Par cette seconde partie de son théorème, Fermat conduisait Malebranche au calcul différentiel, car, en montrant qu’un nombre entier est une somme finie de quantités dont les fractions sont négligeables, il entrait dans la même voie que Leibniz. On s’en convaincra si on relit la célèbre lettre dans laquelle ce dernier expose avec la plus grande sincérité l’origine de sa découverte et l’affinité de son calcul avec le triangle arithmétique de Pascal et les autres productions mathématiques du xviie siècle[2].

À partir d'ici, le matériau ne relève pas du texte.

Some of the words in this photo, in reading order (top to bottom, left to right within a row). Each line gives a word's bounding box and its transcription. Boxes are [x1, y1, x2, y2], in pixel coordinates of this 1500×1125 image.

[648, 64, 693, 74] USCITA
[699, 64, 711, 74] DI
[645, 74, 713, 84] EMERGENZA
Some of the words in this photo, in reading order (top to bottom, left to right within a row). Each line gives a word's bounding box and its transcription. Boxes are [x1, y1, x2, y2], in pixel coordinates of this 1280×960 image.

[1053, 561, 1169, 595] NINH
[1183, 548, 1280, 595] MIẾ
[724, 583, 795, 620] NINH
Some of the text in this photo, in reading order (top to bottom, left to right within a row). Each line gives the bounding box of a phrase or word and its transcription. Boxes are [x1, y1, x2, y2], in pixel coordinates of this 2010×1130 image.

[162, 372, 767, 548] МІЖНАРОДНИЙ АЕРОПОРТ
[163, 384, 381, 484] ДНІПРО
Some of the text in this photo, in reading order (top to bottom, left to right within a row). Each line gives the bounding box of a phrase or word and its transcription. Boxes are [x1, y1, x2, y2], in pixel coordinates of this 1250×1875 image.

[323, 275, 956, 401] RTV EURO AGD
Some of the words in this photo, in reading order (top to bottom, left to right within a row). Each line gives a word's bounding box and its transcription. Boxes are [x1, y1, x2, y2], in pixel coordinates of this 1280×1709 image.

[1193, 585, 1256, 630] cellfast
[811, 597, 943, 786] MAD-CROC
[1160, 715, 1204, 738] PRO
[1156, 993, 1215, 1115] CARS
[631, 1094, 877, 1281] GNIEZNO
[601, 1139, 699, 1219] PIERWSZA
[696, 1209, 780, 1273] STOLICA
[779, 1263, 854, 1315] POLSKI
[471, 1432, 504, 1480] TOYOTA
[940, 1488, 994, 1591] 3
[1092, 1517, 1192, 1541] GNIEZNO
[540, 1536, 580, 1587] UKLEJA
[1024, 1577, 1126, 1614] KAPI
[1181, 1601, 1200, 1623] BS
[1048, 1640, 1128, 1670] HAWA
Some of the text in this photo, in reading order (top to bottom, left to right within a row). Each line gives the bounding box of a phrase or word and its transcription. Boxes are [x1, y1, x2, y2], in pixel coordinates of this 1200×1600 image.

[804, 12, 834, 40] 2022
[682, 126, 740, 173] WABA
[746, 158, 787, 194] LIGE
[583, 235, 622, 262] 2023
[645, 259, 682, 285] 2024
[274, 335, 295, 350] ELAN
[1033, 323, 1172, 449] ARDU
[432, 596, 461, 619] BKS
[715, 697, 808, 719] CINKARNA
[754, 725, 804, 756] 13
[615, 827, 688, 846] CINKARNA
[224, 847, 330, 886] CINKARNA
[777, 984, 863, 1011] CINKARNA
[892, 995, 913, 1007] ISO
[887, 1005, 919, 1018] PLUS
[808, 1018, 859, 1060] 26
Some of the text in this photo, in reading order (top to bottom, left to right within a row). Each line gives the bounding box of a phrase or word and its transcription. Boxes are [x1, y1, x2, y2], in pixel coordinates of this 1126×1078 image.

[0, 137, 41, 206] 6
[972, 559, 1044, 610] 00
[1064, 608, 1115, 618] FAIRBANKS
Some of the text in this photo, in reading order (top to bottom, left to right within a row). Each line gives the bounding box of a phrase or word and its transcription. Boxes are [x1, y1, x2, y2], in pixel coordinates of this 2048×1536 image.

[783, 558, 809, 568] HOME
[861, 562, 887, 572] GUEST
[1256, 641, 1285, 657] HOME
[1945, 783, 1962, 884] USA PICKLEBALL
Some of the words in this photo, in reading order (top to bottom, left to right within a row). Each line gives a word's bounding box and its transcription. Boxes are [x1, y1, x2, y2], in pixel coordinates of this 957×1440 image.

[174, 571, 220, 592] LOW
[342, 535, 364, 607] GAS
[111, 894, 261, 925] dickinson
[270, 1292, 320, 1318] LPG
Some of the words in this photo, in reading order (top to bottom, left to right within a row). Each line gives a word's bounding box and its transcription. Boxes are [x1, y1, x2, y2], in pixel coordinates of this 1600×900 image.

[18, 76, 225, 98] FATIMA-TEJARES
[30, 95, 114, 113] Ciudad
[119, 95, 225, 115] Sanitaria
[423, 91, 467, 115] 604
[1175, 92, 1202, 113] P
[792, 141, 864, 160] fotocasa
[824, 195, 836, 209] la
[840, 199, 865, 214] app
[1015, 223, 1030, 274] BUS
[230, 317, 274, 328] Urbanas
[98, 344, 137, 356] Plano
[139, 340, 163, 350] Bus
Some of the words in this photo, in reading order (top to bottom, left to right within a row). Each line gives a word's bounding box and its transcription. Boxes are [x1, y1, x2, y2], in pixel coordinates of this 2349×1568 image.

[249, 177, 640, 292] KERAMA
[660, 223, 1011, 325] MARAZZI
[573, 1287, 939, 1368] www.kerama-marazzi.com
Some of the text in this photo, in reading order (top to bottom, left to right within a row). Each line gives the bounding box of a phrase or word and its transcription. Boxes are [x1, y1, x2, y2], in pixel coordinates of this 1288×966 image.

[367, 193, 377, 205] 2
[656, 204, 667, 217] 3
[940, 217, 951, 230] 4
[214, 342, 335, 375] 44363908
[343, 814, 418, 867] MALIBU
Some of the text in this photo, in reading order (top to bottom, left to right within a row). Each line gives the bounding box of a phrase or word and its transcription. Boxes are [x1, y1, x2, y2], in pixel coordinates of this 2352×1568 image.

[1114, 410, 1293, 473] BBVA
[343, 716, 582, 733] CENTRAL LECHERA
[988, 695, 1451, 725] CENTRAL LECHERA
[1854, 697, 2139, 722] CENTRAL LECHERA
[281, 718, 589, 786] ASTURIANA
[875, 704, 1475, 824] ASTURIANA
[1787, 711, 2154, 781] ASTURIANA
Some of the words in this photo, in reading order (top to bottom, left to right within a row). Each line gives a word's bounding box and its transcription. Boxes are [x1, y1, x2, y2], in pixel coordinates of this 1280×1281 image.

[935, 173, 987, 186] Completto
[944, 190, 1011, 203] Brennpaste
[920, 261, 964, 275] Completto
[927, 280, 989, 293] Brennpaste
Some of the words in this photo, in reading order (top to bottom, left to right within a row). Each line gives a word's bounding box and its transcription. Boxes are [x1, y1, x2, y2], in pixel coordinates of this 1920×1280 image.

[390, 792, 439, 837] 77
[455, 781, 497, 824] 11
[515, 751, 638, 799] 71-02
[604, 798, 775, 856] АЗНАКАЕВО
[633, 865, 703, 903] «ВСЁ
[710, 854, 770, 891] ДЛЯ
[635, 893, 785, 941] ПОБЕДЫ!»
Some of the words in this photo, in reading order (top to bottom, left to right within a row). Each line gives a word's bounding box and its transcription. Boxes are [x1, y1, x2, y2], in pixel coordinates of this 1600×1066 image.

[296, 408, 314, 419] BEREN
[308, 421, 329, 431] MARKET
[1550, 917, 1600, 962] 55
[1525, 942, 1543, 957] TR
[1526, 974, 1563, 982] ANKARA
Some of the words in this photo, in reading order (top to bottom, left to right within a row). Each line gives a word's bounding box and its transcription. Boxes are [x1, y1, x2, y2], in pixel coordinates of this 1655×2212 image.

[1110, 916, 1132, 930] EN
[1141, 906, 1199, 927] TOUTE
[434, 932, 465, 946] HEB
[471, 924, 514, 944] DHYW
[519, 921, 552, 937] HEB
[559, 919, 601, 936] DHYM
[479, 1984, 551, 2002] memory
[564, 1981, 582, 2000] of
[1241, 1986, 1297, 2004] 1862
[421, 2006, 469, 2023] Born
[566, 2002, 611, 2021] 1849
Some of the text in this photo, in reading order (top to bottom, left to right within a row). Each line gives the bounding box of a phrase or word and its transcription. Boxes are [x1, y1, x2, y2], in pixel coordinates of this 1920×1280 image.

Fermat était aussi conduit à des conséquences philosophiques du plus haut intérêt, conséquences dont on retrouve plus d’une trace dans les écrits de son disciple[3]. Son théorème comme plusieurs autres de la théorie des nombres et comme le calcul différentiel, tel qu’il a été entendu par Leibniz, montre en effet, dans la croyance à la possibilité indéfinie de décomposer un objet, une illusion de la pensée, puisque le travail continu de la pensée (carrés) n’est qu’un nombre déterminé (deux) d’affirmations du même objet : il résout ainsi la célèbre antinomie du continu et de l’infini métaphysique, qui, par sa nature d’objet plus grand que tout objet donné, est soumis aux lois du calcul mathématique. Bien plus, si l’on considère que, d’après la règle de maxima et minima, le maximum et le minimum de deux variables en fonction l’une de l’autre sont des carrés, si l’on remarque que l’analyse des causes déterminantes d’une action est en tous points identique à la décomposition du carré, il résulte que l’acte n’est déterminé au fond que par lui-même, puisque les causes déterminantes sont de même nature que lui, équivalentes à lui.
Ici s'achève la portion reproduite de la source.